As India moves forward with its multibillion-dollar renewable energy initiative, a Singapore-based business is keenly examining the possibility of producing wind energy in deep seas off Gujarat and Tamil Nadu. Strong winds over deep waters off Gujarat and Tamil Nadu, according to Anil Bhatia, Vice President for Renewable and Hybrid Energy at HBA, are best suited for erecting larger wind turbines, ranging in size from 12 MW to 18 MW, and provide renewable energy 24 hours a day at a competitive price.
As the New Delhi government recently announced a tender for a block of 4,000 MW wind energy development, he stated, “We are actively watching possible projects.” Green ammonia and hydrogen production are competitive and viable thanks to the consistent energy generation from such offshore farms.

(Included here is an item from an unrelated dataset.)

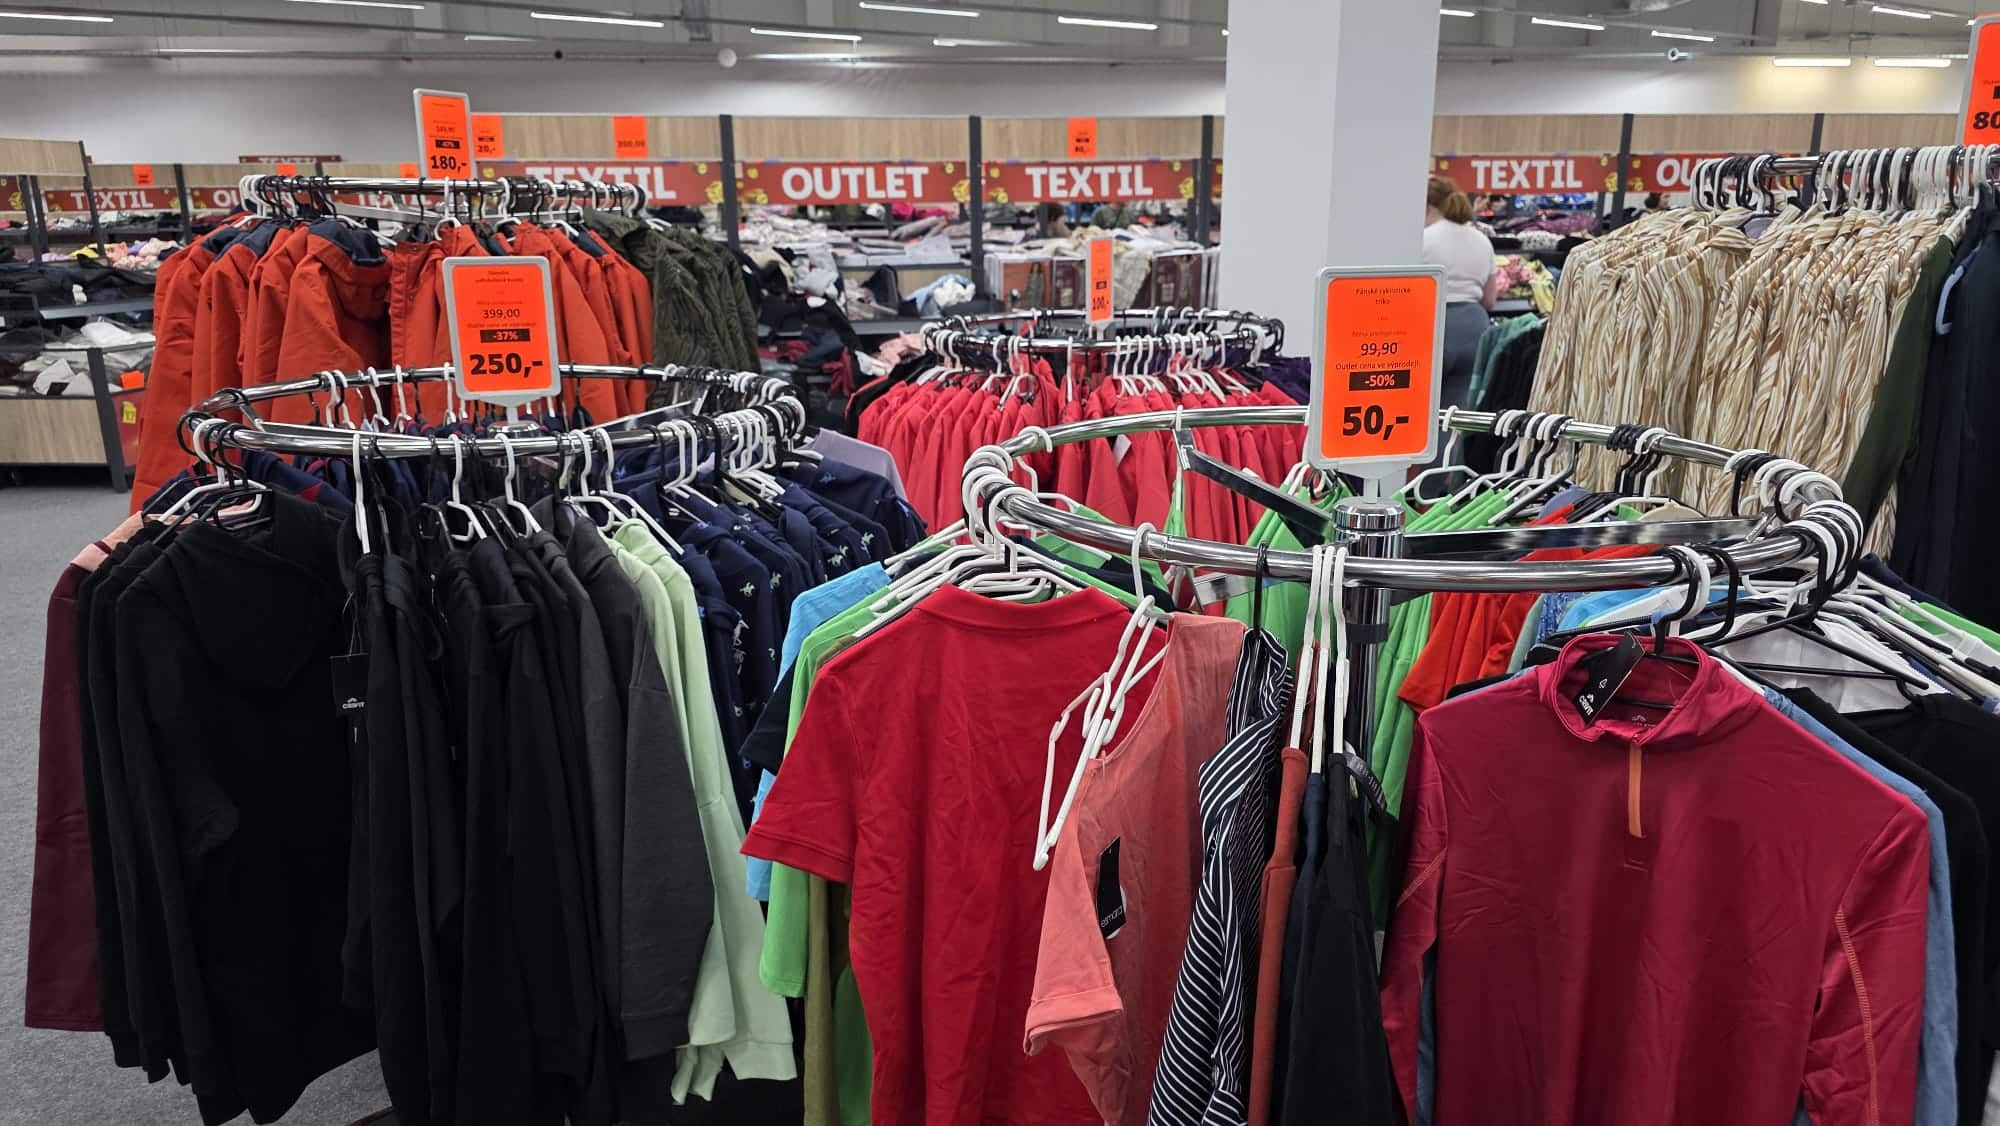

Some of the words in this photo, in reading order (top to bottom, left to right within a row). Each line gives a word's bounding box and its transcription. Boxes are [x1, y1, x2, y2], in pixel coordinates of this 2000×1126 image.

He said that electricity at the Rs 8–12 per kWh range is feasible.
Bhatia believes that installing offshore facilities for the production of green ammonia will significantly reduce costs, particularly those associated with the cable needed to bring green energy ashore.
He compares the offshore management of hydrogen-ammonia production and exports to how the offshore oil and gas industry has been managing hydrocarbon production and shipments around platforms in deep water fields for many years. On the margins of the Offshore South East Asia (OSEA) conference, which took place from November 15–17, Bhatia stated, “We have the experience of managing such tough projects.
In several of the major wind energy generating regions, particularly Europe, 12 MW turbines are already in operation. Global industrial companies are developing and are slated to create 15 MW and 18 MW wind turbines. Bhatia is confident that he can put up wind farms ranging in size from 12 MW to 18 MW off the coasts of Gujarat and Tamil Nadu.
HBA has the benefit of managing such operations in extreme wind conditions thanks to its expertise in erecting platforms and jackets of drilling rigs for the petroleum sector, he added. According to him, if solar and wind energy production are combined, India could be among the first few nations to fully reduce its carbon footprint and even export green energy.
According to Bhatia, the most cost-effective green ammonia for India and export markets can be produced by combining larger wind turbines and ammonia ships. He said that India now relies on imported blue ammonia, which is made from petroleum, to meet its rising need for fertilizer. Nevertheless, he said, “What we see out there in the deep waters is offshore production of green ammonia from nitrogen and hydrogen, which can subsequently be extensively utilized as a fuel in ships, augmenting coal in power plants to lower the total carbon footprint.”
With modern ships being constructed to run on hybrid fuel, the global shipping industry has set “green objectives,” and the automotive sector has started developing electric cars and other fuels fueled by renewable energy as the globe decarbonizes. He said, “These are some of the significant changes occurring internationally at a rapid rate.”
Ammonia as a coal substitute has previously been tested in power plants by the Japanese. Hassan Basma, a seasoned professional in the energy sector who launched HBA in 2015, claims that Japan intends to purchase three million tonnes of ammonia annually beginning in 2026.
According to Bhatia, HBA has developed its concepts into projects as pressure from the COP27, environmentalists, and governments pressing toward their Net Zero targets has increased. He also noted that several blocks have been set up for offshore deep-water wind energy complexes in the Southeast Asian region.
Given the insatiable ammonia demand, particularly from fertilizer manufacturers, Bhatia, a Mumbai native, said, “We plan to export green ammonia from these projects, with India being one of the most attractive markets.” Bhatia believes there will be a paradigm shift in energy use as a result of the strong support for the environment shown by world leaders.
HBA Plans To Invest In Tamil Nadu and Offshore Gujarat
The potential for producing wind energy in Gujarat and Tamil Nadu is being carefully examined by HBA, a Singapore-based business that specializes in renewable and hybrid energy. This coincides with India’s efforts to advance its multibillion-dollar renewable energy initiative. Larger wind turbines, ranging in size from 12 MW to 18 MW, may be installed in the deep oceans of Gujarat and Tamil Nadu and can provide renewable energy 24 hours a day at a reasonable cost. In Europe, these systems are already in use.
Due to the reliable energy output from such offshore farms, green ammonia and hydrogen production are competitive and financially viable. It is conceivable to buy electricity in the Rs 8–12 per kWh range. There is a great deal of potential for cost savings when setting up offshore facilities to produce green ammonia, especially when it comes to the cables required to transport the green energy ashore. Due to its prior experience constructing jackets and platforms for the petroleum industry, HBA has an advantage in managing strong wind projects.
India currently imports blue ammonia, a petroleum-based fertiliser, to meet its demands. Nitrogen and hydrogen may be used to create green ammonia in India, which is widely used in ships. The maritime industry has already established “green targets,” with newer ships being built to run on a hybrid fuel, while the automotive industry has started creating electric cars and other fuels fueled by renewable energy as the world decarbonizes. These are only a few of the big global changes that are developing swiftly.